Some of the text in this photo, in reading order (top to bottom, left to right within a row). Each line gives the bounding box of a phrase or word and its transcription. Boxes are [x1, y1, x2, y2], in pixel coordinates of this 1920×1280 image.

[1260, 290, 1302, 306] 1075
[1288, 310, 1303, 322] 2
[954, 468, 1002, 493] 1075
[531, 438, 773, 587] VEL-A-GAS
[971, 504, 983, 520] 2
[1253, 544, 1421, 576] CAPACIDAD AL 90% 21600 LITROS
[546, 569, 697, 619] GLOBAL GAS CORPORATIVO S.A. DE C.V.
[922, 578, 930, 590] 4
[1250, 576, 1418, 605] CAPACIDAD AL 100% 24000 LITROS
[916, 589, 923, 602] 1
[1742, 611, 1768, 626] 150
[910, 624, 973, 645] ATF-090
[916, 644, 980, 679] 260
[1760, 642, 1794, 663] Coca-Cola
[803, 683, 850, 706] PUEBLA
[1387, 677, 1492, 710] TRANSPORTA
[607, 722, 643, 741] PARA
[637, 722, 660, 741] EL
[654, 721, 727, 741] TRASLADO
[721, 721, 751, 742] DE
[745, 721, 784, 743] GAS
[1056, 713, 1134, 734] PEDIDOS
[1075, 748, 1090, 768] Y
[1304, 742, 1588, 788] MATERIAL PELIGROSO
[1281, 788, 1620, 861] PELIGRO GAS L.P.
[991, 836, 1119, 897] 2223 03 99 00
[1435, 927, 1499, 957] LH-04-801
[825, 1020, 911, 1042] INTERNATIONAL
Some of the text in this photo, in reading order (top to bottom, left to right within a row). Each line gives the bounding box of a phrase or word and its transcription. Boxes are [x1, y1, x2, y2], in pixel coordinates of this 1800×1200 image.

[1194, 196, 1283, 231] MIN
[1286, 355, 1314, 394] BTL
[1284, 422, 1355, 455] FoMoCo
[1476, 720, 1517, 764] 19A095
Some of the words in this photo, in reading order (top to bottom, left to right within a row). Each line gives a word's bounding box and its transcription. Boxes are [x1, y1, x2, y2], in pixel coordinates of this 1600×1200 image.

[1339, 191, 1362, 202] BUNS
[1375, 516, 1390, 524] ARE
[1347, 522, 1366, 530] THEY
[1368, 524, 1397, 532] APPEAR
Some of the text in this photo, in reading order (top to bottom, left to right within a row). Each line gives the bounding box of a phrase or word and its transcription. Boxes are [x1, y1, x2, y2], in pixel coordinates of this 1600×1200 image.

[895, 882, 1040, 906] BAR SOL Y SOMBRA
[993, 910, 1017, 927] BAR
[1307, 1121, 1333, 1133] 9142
+++++
:: Try it ::
Send back all of the material exactly as given.

:: Expected answer ::
Some of the text in this photo, in reading order (top to bottom, left to right within a row). Each line gives the bounding box of a phrase or word and its transcription. Boxes are [x1, y1, x2, y2], in pixel coordinates of this 1920×1280 image.

[1260, 290, 1302, 306] 1075
[1288, 310, 1303, 322] 2
[954, 468, 1002, 493] 1075
[531, 438, 773, 587] VEL-A-GAS
[971, 504, 983, 520] 2
[1253, 544, 1421, 576] CAPACIDAD AL 90% 21600 LITROS
[546, 569, 697, 619] GLOBAL GAS CORPORATIVO S.A. DE C.V.
[922, 578, 930, 590] 4
[1250, 576, 1418, 605] CAPACIDAD AL 100% 24000 LITROS
[916, 589, 923, 602] 1
[1742, 611, 1768, 626] 150
[910, 624, 973, 645] ATF-090
[916, 644, 980, 679] 260
[1760, 642, 1794, 663] Coca-Cola
[803, 683, 850, 706] PUEBLA
[1387, 677, 1492, 710] TRANSPORTA
[607, 722, 643, 741] PARA
[637, 722, 660, 741] EL
[654, 721, 727, 741] TRASLADO
[721, 721, 751, 742] DE
[745, 721, 784, 743] GAS
[1056, 713, 1134, 734] PEDIDOS
[1075, 748, 1090, 768] Y
[1304, 742, 1588, 788] MATERIAL PELIGROSO
[1281, 788, 1620, 861] PELIGRO GAS L.P.
[991, 836, 1119, 897] 2223 03 99 00
[1435, 927, 1499, 957] LH-04-801
[825, 1020, 911, 1042] INTERNATIONAL
Some of the text in this photo, in reading order (top to bottom, left to right within a row). Each line gives the bounding box of a phrase or word and its transcription. Boxes are [x1, y1, x2, y2], in pixel coordinates of this 1800×1200 image.

[1194, 196, 1283, 231] MIN
[1286, 355, 1314, 394] BTL
[1284, 422, 1355, 455] FoMoCo
[1476, 720, 1517, 764] 19A095
Some of the words in this photo, in reading order (top to bottom, left to right within a row). Each line gives a word's bounding box and its transcription. Boxes are [x1, y1, x2, y2], in pixel coordinates of this 1600×1200 image.

[1339, 191, 1362, 202] BUNS
[1375, 516, 1390, 524] ARE
[1347, 522, 1366, 530] THEY
[1368, 524, 1397, 532] APPEAR
Some of the text in this photo, in reading order (top to bottom, left to right within a row). Each line gives the bounding box of a phrase or word and its transcription. Boxes are [x1, y1, x2, y2], in pixel coordinates of this 1600×1200 image.

[895, 882, 1040, 906] BAR SOL Y SOMBRA
[993, 910, 1017, 927] BAR
[1307, 1121, 1333, 1133] 9142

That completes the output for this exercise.